*** Material to process Section Begins ***
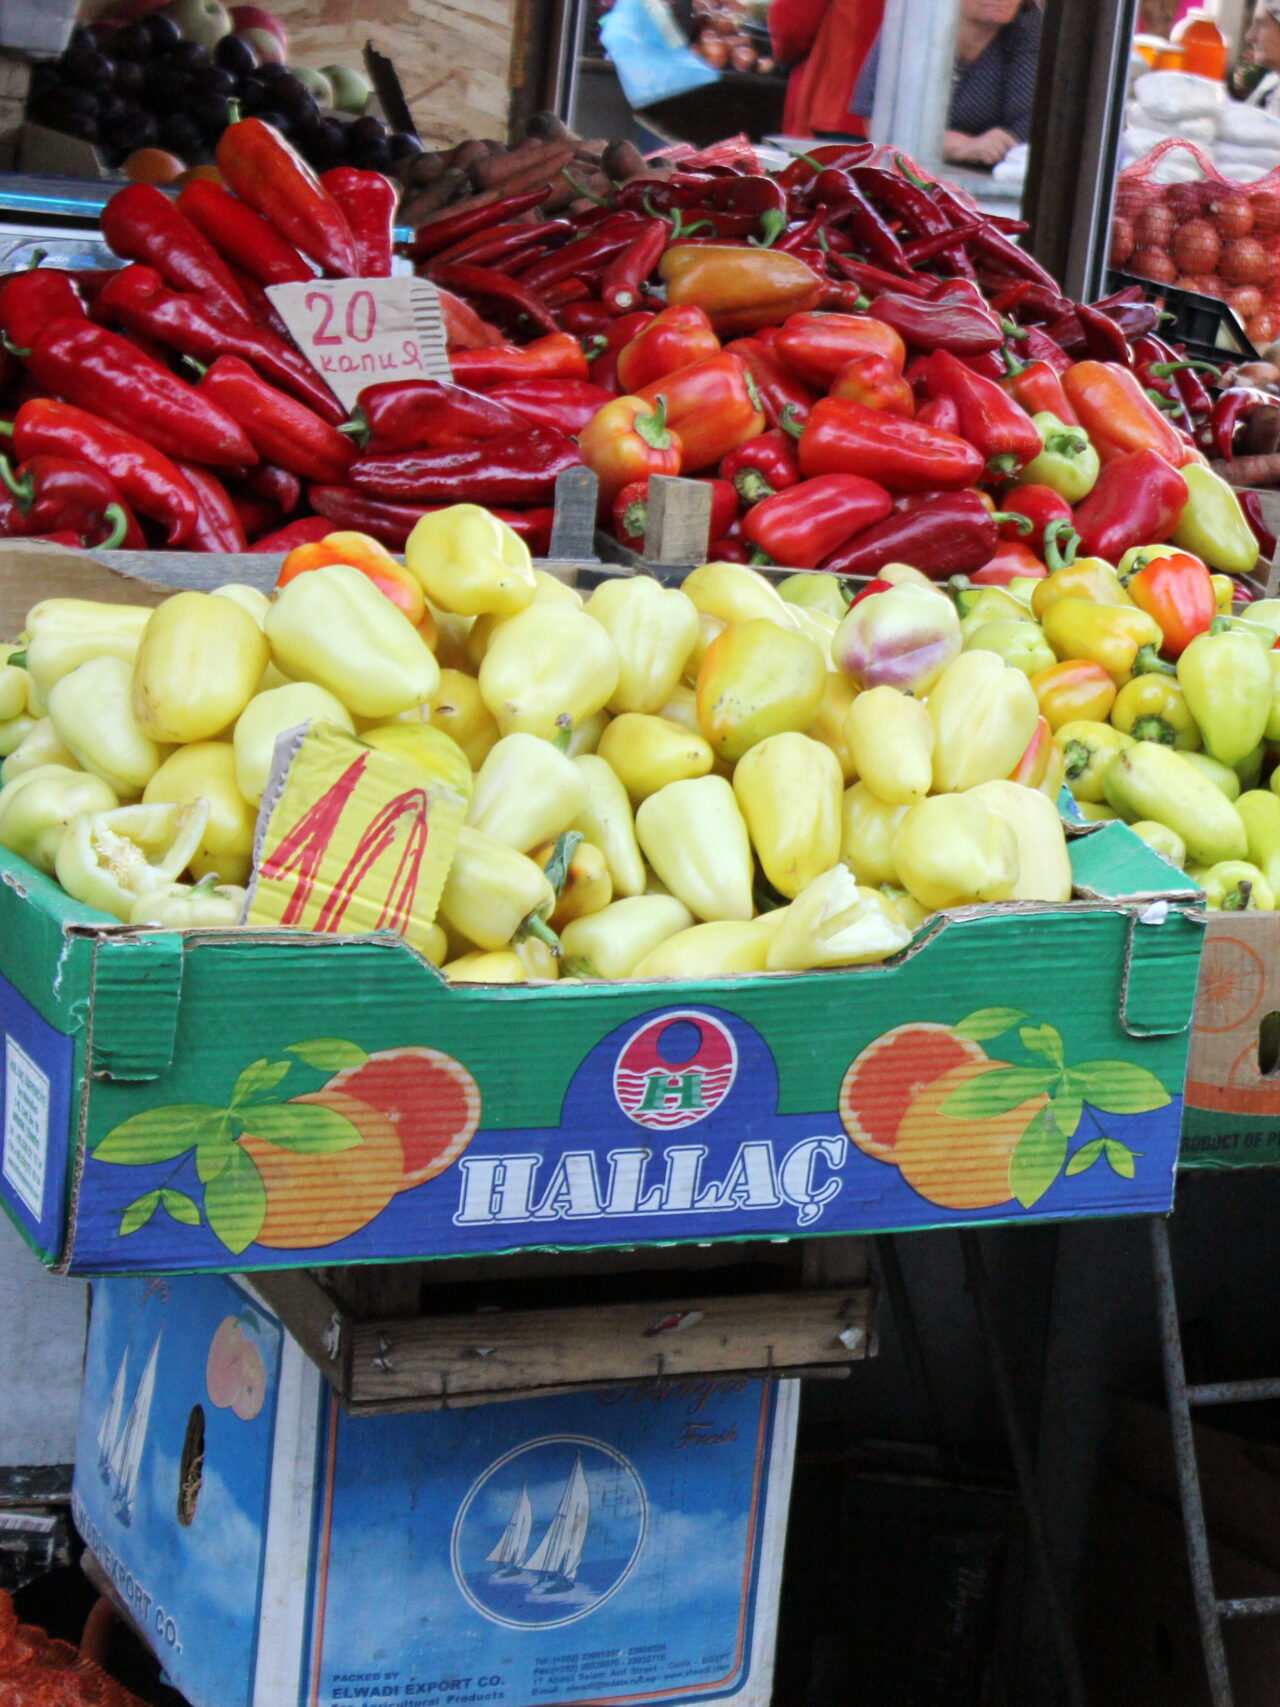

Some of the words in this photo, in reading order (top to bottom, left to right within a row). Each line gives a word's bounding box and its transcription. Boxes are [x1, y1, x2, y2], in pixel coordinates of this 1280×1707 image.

[305, 290, 377, 347] 20
[320, 340, 424, 373] капия
[258, 750, 428, 936] 10
[1180, 1134, 1239, 1149] RODUCT
[1243, 1132, 1263, 1147] OF
[453, 1134, 847, 1227] HALLAÇ
[103, 1548, 153, 1621] EXPORT
[154, 1605, 184, 1657] CO.
[701, 1652, 731, 1665] EGYPT
[332, 1672, 381, 1683] PACKED
[383, 1671, 401, 1681] BY
[332, 1685, 400, 1700] ELWADI
[404, 1677, 474, 1696] EXPORT
[476, 1674, 506, 1688] CO.
[446, 1690, 505, 1705] Products
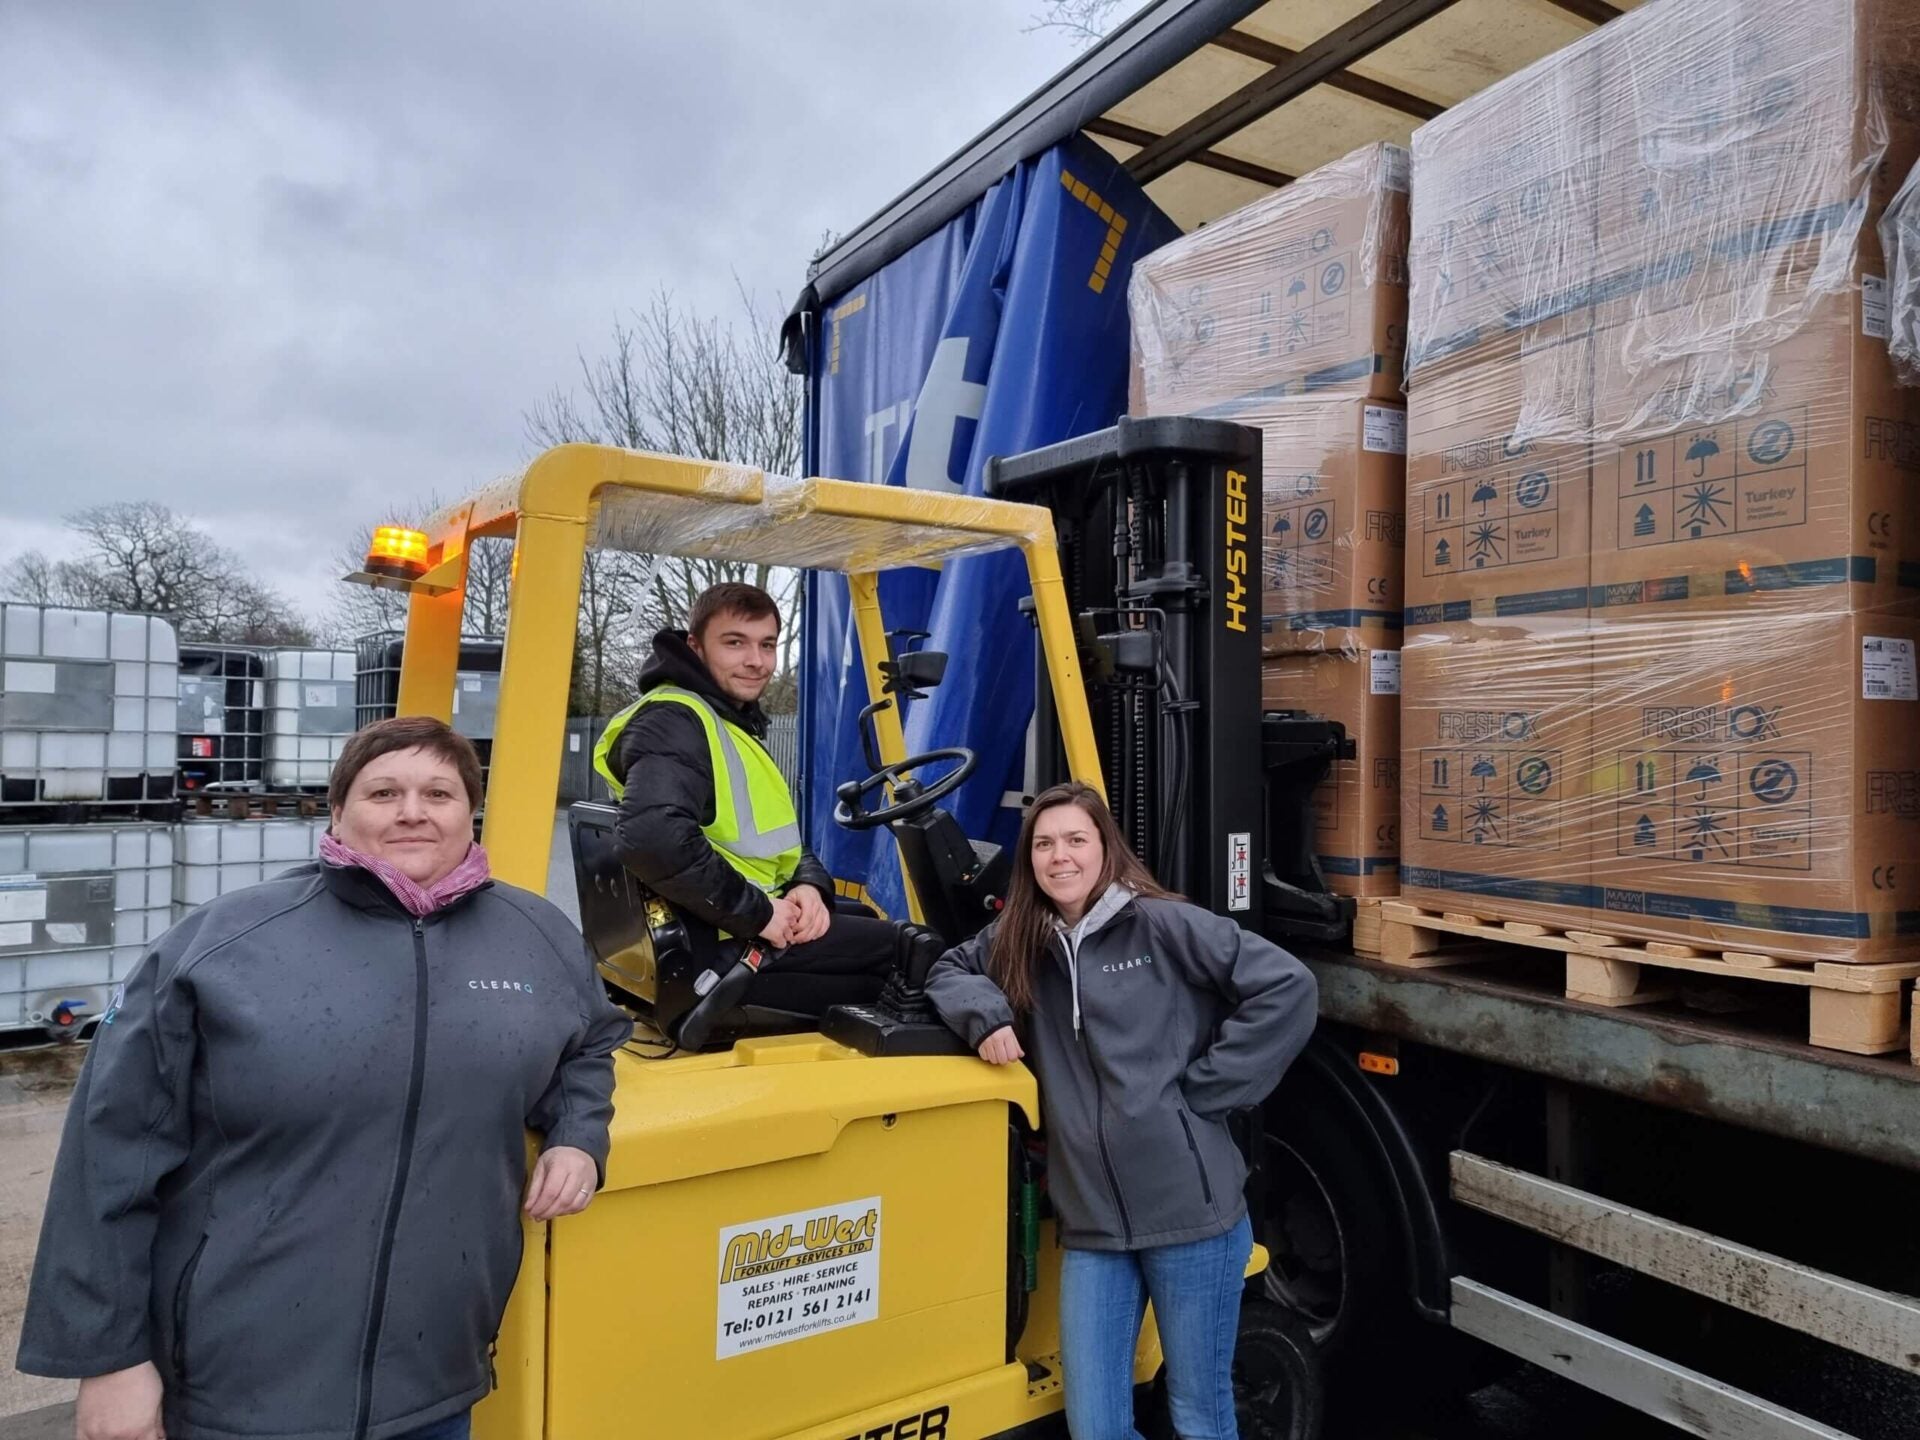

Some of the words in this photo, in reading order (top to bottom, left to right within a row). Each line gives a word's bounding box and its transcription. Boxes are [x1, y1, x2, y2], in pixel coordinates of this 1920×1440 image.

[1744, 486, 1797, 504] Turkey
[1514, 527, 1552, 540] Turkey
[1226, 470, 1247, 633] HYSTER
[1102, 955, 1152, 972] CLEARQ
[720, 1209, 878, 1284] Mid-West
[740, 1258, 790, 1278] FORKLIFT
[795, 1247, 843, 1266] SERVICES
[848, 1243, 867, 1253] LTD.
[742, 1281, 775, 1297] SALES
[783, 1273, 810, 1288] HIRE
[816, 1262, 859, 1280] SERVICE
[747, 1291, 793, 1310] REPAIRS
[802, 1276, 856, 1297] TRAINING
[802, 1298, 829, 1317] 561
[836, 1288, 871, 1309] 2141
[739, 1311, 857, 1348] www.midwestforklifts.co.uk
*** Material to process Section Ends ***
What is being asked:
Emit verbatim the lines running from the one with "this 1920×1440 image." through the last line of the data, both endpoints inclusive.

Completed exercise:
Some of the words in this photo, in reading order (top to bottom, left to right within a row). Each line gives a word's bounding box and its transcription. Boxes are [x1, y1, x2, y2], in pixel coordinates of this 1920×1440 image.

[1744, 486, 1797, 504] Turkey
[1514, 527, 1552, 540] Turkey
[1226, 470, 1247, 633] HYSTER
[1102, 955, 1152, 972] CLEARQ
[720, 1209, 878, 1284] Mid-West
[740, 1258, 790, 1278] FORKLIFT
[795, 1247, 843, 1266] SERVICES
[848, 1243, 867, 1253] LTD.
[742, 1281, 775, 1297] SALES
[783, 1273, 810, 1288] HIRE
[816, 1262, 859, 1280] SERVICE
[747, 1291, 793, 1310] REPAIRS
[802, 1276, 856, 1297] TRAINING
[802, 1298, 829, 1317] 561
[836, 1288, 871, 1309] 2141
[739, 1311, 857, 1348] www.midwestforklifts.co.uk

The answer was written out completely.